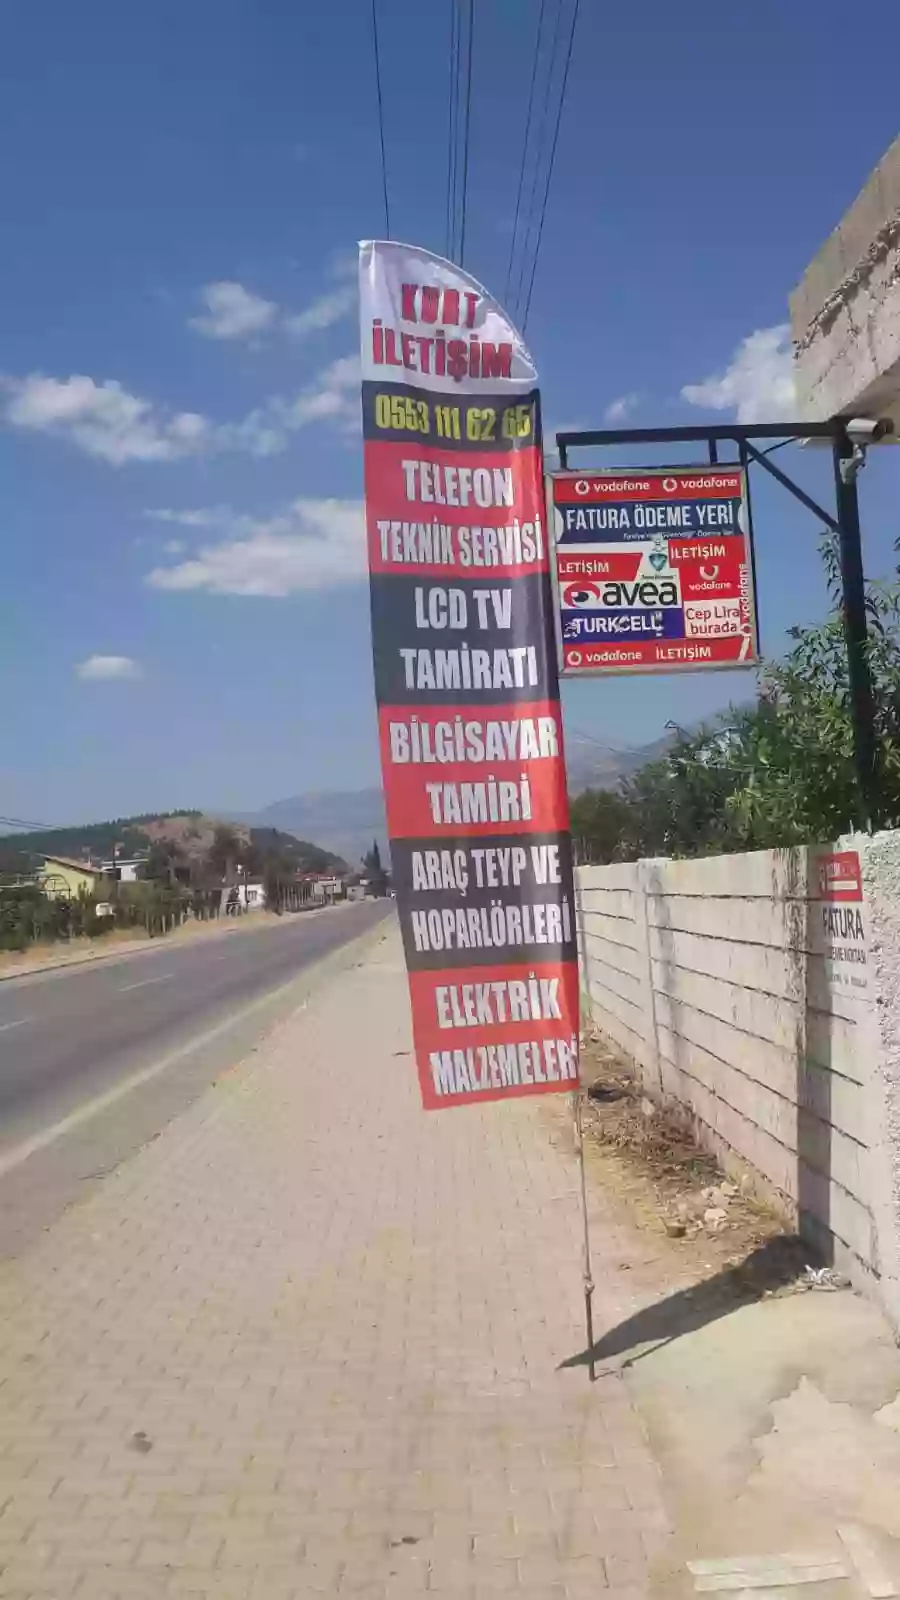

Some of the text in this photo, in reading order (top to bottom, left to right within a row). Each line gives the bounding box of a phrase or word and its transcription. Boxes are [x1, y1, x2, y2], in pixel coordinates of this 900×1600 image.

[372, 319, 513, 383] İLETİŞİM
[375, 394, 531, 441] 0553 111 62 65
[401, 459, 514, 508] TELEFON
[593, 480, 650, 493] vodafone
[681, 477, 738, 489] vodafone
[566, 500, 733, 531] FATURA ÖDEME YERİ
[377, 513, 544, 567] TEKNİK SERVİSİ
[602, 582, 678, 606] avea
[689, 580, 732, 591] vodafone
[414, 586, 512, 630] LCD TV
[572, 615, 661, 634] TURKCELL
[686, 606, 740, 622] Cep Lira
[690, 621, 738, 635] burada
[400, 641, 538, 689] TAMİRATI
[586, 650, 642, 662] vodafone
[389, 714, 559, 764] BİLGİSAYAR
[425, 772, 532, 824] TAMİRİ
[411, 845, 562, 897] ARAÇ TEYP VE
[411, 895, 572, 952] HOPARLÖRLERİ
[822, 907, 865, 940] FATURA
[435, 971, 562, 1029] ELEKTRİK
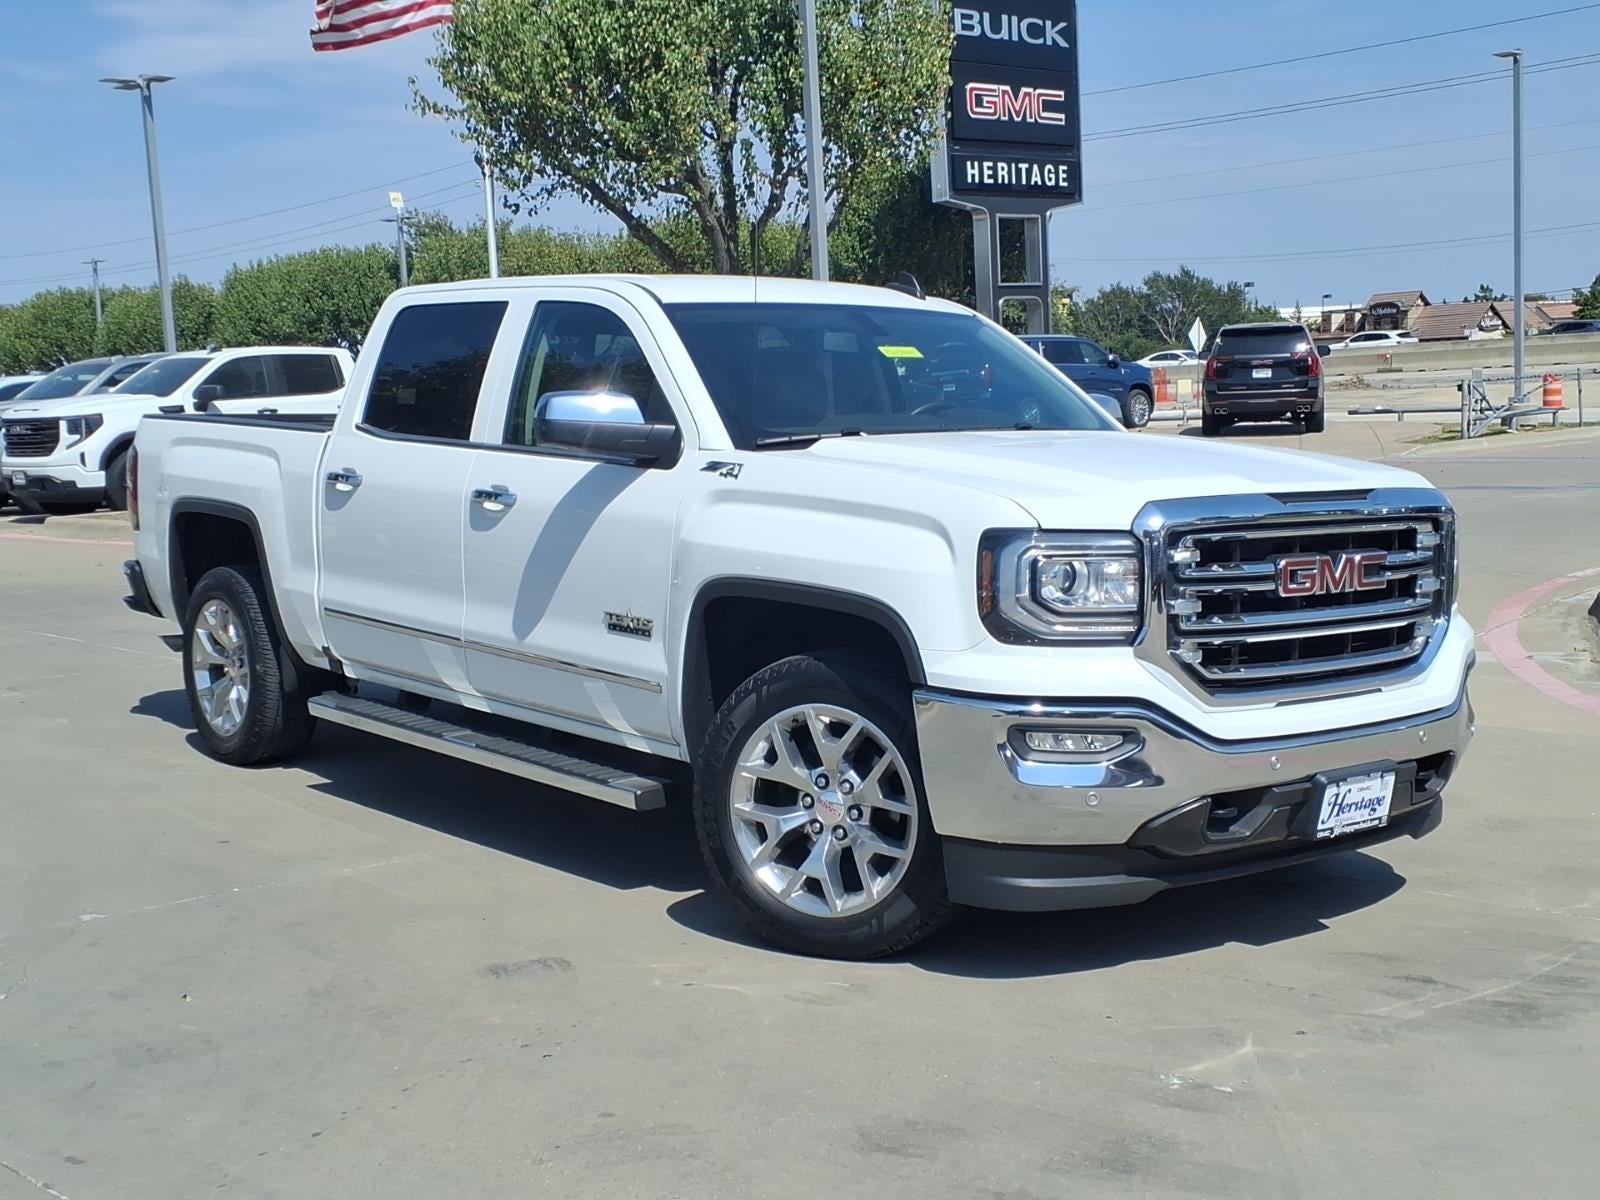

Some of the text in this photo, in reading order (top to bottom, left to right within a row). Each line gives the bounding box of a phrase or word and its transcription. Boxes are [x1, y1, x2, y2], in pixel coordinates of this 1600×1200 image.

[953, 7, 1070, 48] BUICK
[965, 82, 1066, 126] GMC
[966, 160, 1069, 187] HERITAGE
[1279, 550, 1388, 598] GMC
[1321, 788, 1386, 825] Heritage
★ ★ ★ ★ ★
• EXERCISE BRIEF:
The records above are to be transcribed word for word. Skip the images.

• SOLUTION:
Some of the text in this photo, in reading order (top to bottom, left to right within a row). Each line gives the bounding box of a phrase or word and its transcription. Boxes are [x1, y1, x2, y2], in pixel coordinates of this 900×1600 image.

[372, 319, 513, 383] İLETİŞİM
[375, 394, 531, 441] 0553 111 62 65
[401, 459, 514, 508] TELEFON
[593, 480, 650, 493] vodafone
[681, 477, 738, 489] vodafone
[566, 500, 733, 531] FATURA ÖDEME YERİ
[377, 513, 544, 567] TEKNİK SERVİSİ
[602, 582, 678, 606] avea
[689, 580, 732, 591] vodafone
[414, 586, 512, 630] LCD TV
[572, 615, 661, 634] TURKCELL
[686, 606, 740, 622] Cep Lira
[690, 621, 738, 635] burada
[400, 641, 538, 689] TAMİRATI
[586, 650, 642, 662] vodafone
[389, 714, 559, 764] BİLGİSAYAR
[425, 772, 532, 824] TAMİRİ
[411, 845, 562, 897] ARAÇ TEYP VE
[411, 895, 572, 952] HOPARLÖRLERİ
[822, 907, 865, 940] FATURA
[435, 971, 562, 1029] ELEKTRİK

Some of the text in this photo, in reading order (top to bottom, left to right within a row). Each line gives the bounding box of a phrase or word and its transcription. Boxes are [x1, y1, x2, y2], in pixel coordinates of this 1600×1200 image.

[953, 7, 1070, 48] BUICK
[965, 82, 1066, 126] GMC
[966, 160, 1069, 187] HERITAGE
[1279, 550, 1388, 598] GMC
[1321, 788, 1386, 825] Heritage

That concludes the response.